Citation: Journal of Hydrometeorology 22, 12; 10.1175/JHM-D-21-0123.1

In addition, as shown in Figs. 9b and 9c, we can find that the hydrographs from different watershed interior points under MLR exhibit more reasonable performance than FS. Specifically, in the 1988 flood events at the Zijingguan watershed, the magnitude of flood peak from watershed interior reach outlets tends to be determined by the size of contributing areas under FS, while MLR produces more reasonable results at R1 reach outlet with larger flood peak. For the 1996 flood event with a relatively uniform rainfall spatial distribution, the flood peak of each reach outlet basically exhibits similar tendency under both FS and MLR calibration scenarios. The results indicate that the uneven spatial distribution of rainfall would affect the formation of flood at catchment interior points. Hence, adopting MLR could produce better performance than FS, especially in the case of the uneven distribution of rainfall or other potential external factors.

b. Advantages of adopting flood scaling property as constraints

Compared to the commonly used NSE calibration scenario, the advantage of adopting flood scaling property as constraints is that the more accurate simulated flood peak can be obtained even with a small amount of the observed streamflow data. It is important to note that observed streamflow data are less required in the FS calibration scenarios. Only the simulated event flood peaks are extracted to fit the power-law equations and the goodness of fit behaves as the objective function. As for MLR calibration scenarios, the identification of catchment descriptors requires the observed streamflow data of this catchment or this region.

Additionally, as shown in Fig. 4, although the simulated streamflow results introduce noises in hydrograph under FS or MLR calibration scenarios, the simulation accuracy of flood peak is clearly improved compared to the NSE calibration scenario. It is obvious that the flood frequency curve provided by simulated annual peak discharge in NSE calibration scenario tends to underestimate the flood with more than 3-yr return period. In contrast, for flood frequency curve of FS or MLR calibration scenarios, the simulated flood frequency curve produces better results and even overestimates the flood peak in some cases. However, the performance of flood frequency curve could be improved with adopting the combination of statistical indicators and flood scaling property as model constraints. To sum up, with only considering the flood scaling property as model constraints, reasonable results could be obtained without employing the observed streamflow time series data directly, which exhibits the potential of applying this method in ungauged watershed. Yet, if the observed streamflow data are available, employing the combination of statistical indicators and flood scaling property as objective functions could better constrain the model performance and improve the simulation of hydrograph at watershed outlet and the accuracy of the flood frequency curve.

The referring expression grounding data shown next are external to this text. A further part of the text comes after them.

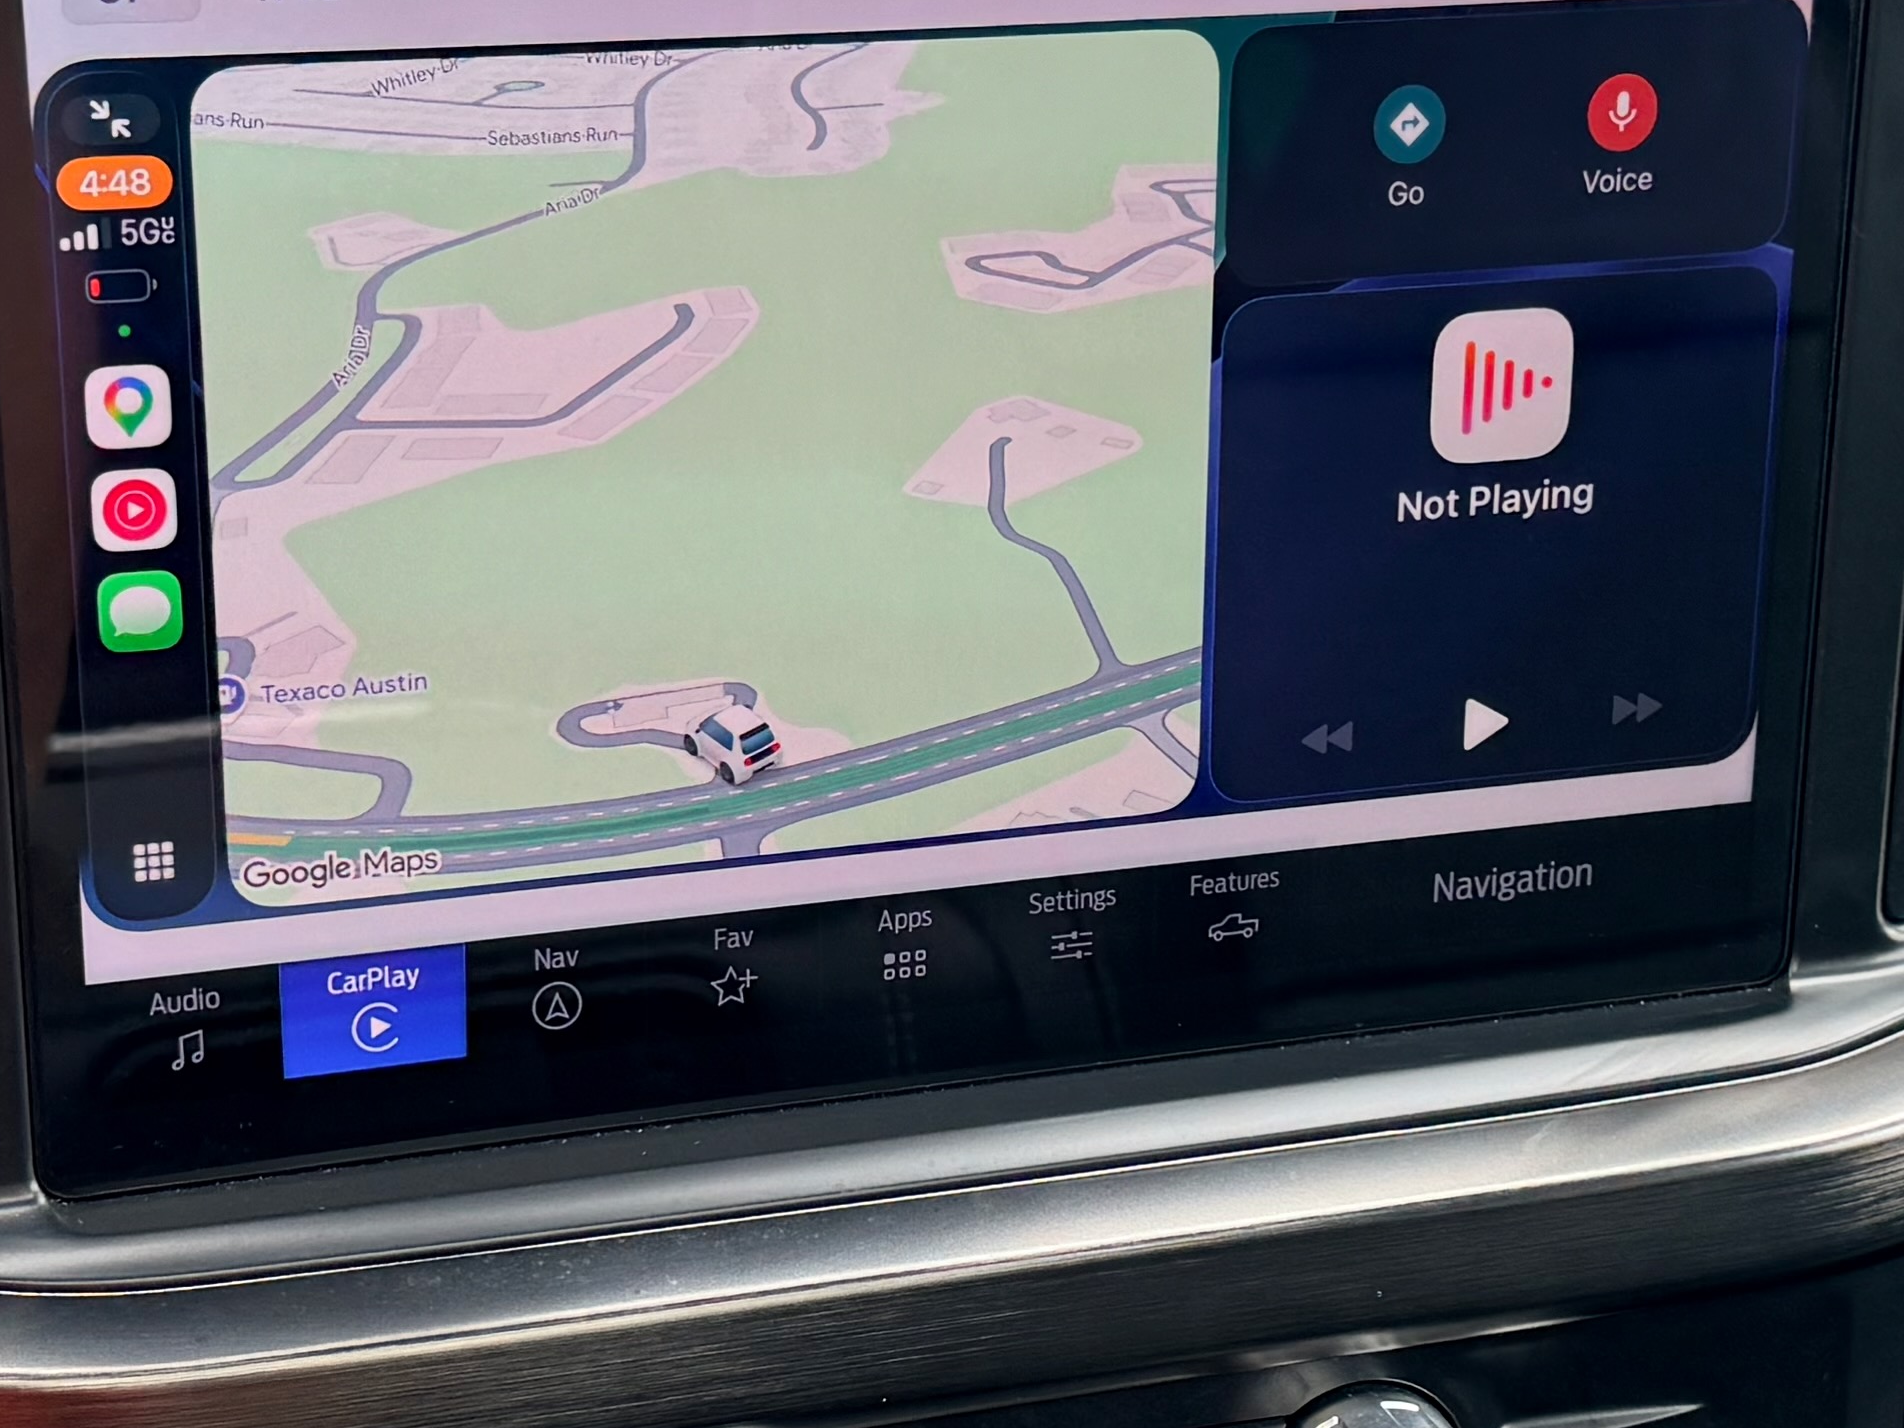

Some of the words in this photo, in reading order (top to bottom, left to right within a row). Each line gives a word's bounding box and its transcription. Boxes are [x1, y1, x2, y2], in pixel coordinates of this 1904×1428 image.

[370, 66, 437, 97] Whitley
[230, 112, 265, 129] Run
[487, 129, 582, 147] Sebastians
[585, 127, 619, 142] Run
[79, 168, 152, 197] 4:48
[1387, 180, 1425, 208] Go
[1582, 167, 1653, 195] Voice
[1396, 489, 1459, 523] Not
[1469, 478, 1595, 517] Playing
[260, 679, 346, 705] Texaco
[352, 672, 429, 698] Austin
[243, 855, 352, 890] Google
[363, 848, 439, 878] Maps
[1432, 860, 1594, 904] Navigation
[1189, 870, 1280, 898] Features
[1028, 886, 1117, 916] Settings
[877, 907, 933, 934] Apps
[713, 927, 755, 951] Fav
[533, 946, 579, 972] Nav
[326, 963, 421, 997] CarPlay
[148, 987, 221, 1017] Audio

c. Applications and future works

For employing flood scaling property as constraints in hydrological model calibration, it is necessary to judge whether the event-based flood scaling property exists in this river basin. In these study watersheds, previous studies have reported the existence of event-based flood scaling property (Li et al. 2013, 2019; Kang et al. 2019; Li et al. 2020). However, since the flood scaling property is an intrinsic law in river basins (Ogden and David 2003; Furey and Gupta 2005, 2007; Gupta et al. 2007; Ayalew et al. 2014, 2015; Furey et al. 2016; Lee and Huang 2016), the method proposed in this paper has good applicability.

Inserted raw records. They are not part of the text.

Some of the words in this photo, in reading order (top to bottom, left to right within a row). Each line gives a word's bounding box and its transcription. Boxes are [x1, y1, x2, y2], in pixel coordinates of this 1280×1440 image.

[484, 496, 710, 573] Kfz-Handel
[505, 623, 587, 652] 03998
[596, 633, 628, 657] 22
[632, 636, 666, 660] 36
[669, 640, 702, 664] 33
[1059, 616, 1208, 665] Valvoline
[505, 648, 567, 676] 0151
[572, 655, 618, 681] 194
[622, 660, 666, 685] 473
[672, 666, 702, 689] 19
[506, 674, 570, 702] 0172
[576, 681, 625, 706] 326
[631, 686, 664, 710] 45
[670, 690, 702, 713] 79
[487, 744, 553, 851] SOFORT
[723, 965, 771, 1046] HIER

In addition, as long as the hydrological model can output the streamflow process of subbasins or reaches, the flood scaling property can be employed as the objective function. In the future, more attempts should be undertaken to consider flood scaling property as constraints in various hydrological models, not just in the SWAT model. Moreover, since the physical conditions of different river basins are distinct, it is possible that the streamflow of the watershed outlet is well simulated by employing only flood scaling property in other river basins. Therefore, the proposed calibration method should be verified in more regions.

6. Conclusions

To propose a new calibration method for hydrological models based on limited observed data, this paper investigates the potential of applying flood scaling property as one of the objective functions in hydrological model calibration. The main conclusions that were drawn are as follows.

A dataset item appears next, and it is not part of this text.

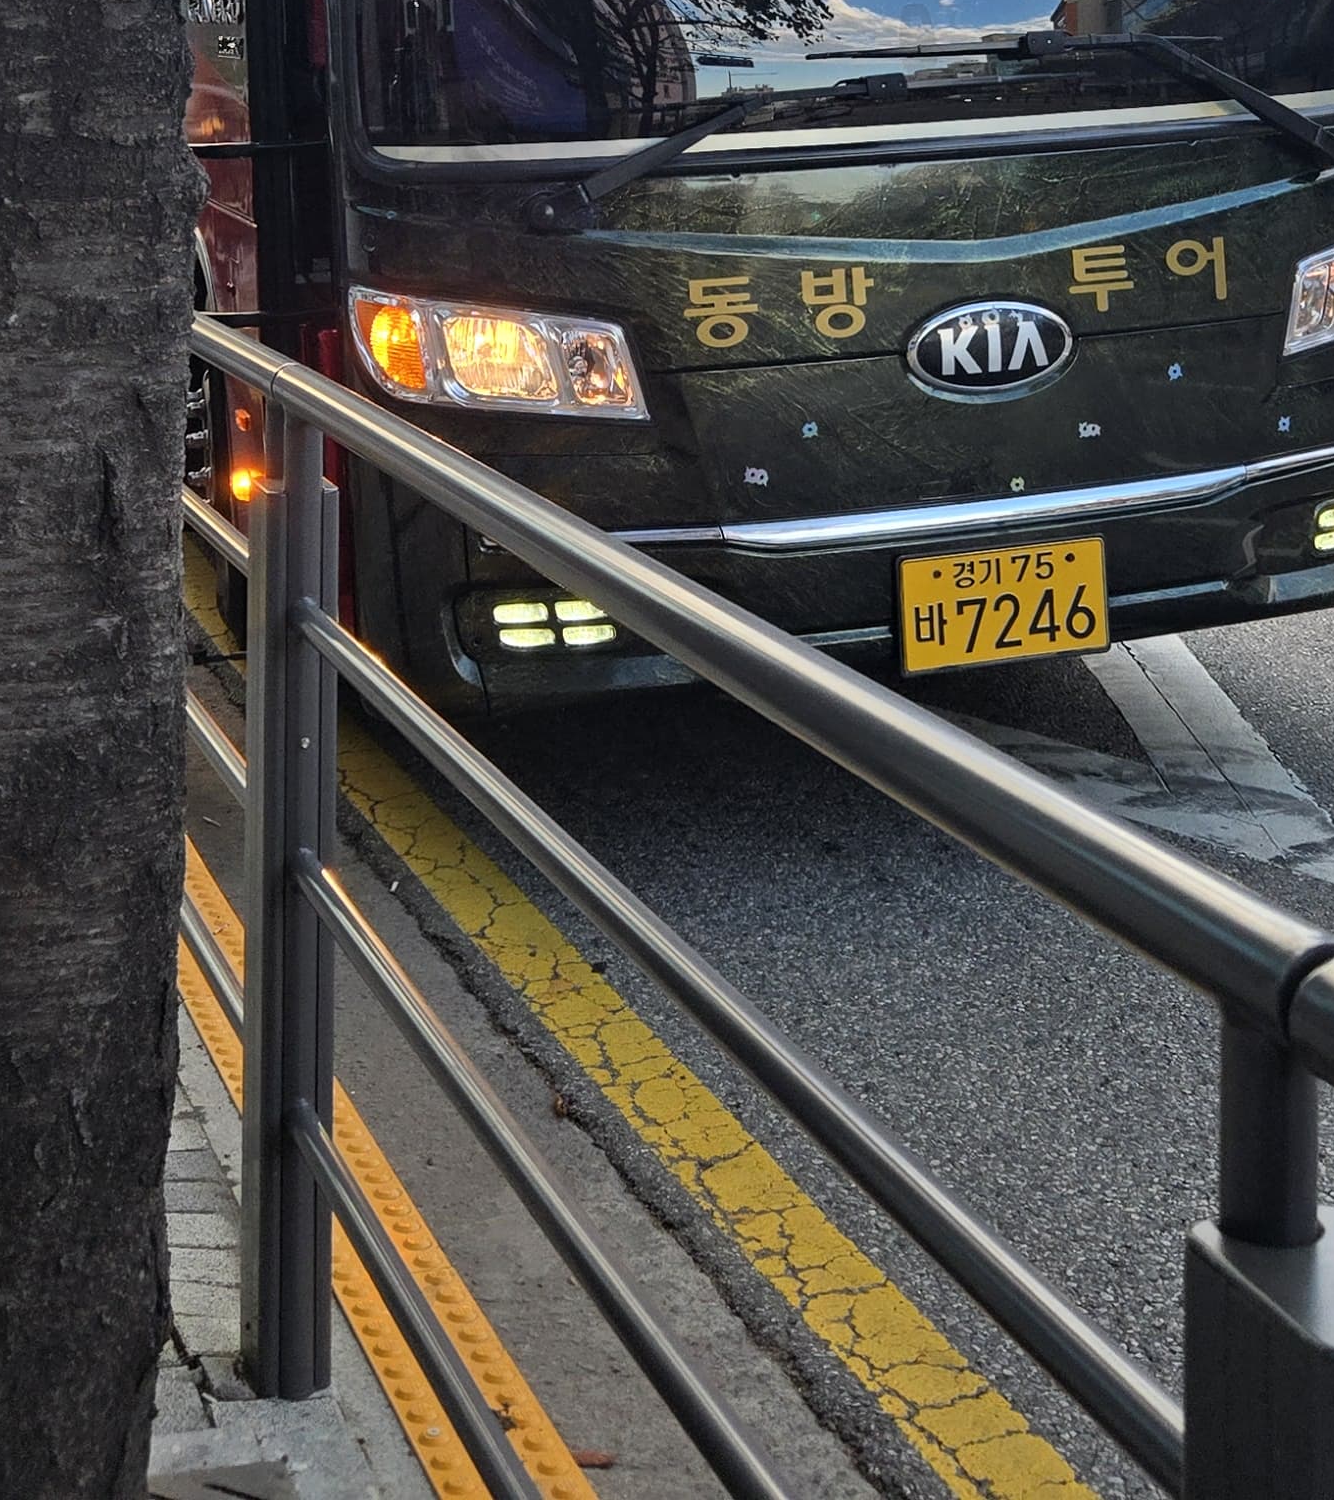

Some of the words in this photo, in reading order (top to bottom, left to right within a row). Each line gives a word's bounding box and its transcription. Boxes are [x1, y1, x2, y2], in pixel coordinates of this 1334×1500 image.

[937, 318, 1050, 376] KIA
[953, 559, 1002, 589] 경기
[1010, 551, 1054, 583] 75

Little information of observed streamflow time series data is needed when only FS is adopted as the single objective function in model calibration. Observed streamflow data were adopted to perform the flood frequency analysis and behaved as the criterion of selecting the significant flood events. Yet, the FS calibration scenario produces a better simulation on flood peak than NSE calibration scenarios, especially for high return period floods, exhibiting the potential of applying this method in ungauged watersheds.

In contrast, MLR calibration scenario requires some streamflow data to identify the dominant catchment descriptors. FS and MLR calibration scenarios provide a similar hydrograph at the watershed outlet, while MLR achieves better performance at catchment interior points. If the rainfall spatial distribution of the flood event is not uniform, adopting MLR as one of the model constraints in calibration is suggested.

Furthermore, it is important to note that better performance on hydrograph and flood frequency curve could be obtained with adopting the combination of statistical indicators and flood scaling property as objective functions. Under these calibration scenarios, not only could the accurate simulation of catchment outlet be guaranteed with high NSE or KGE values, but the performance on the catchment interior points is also better constrained.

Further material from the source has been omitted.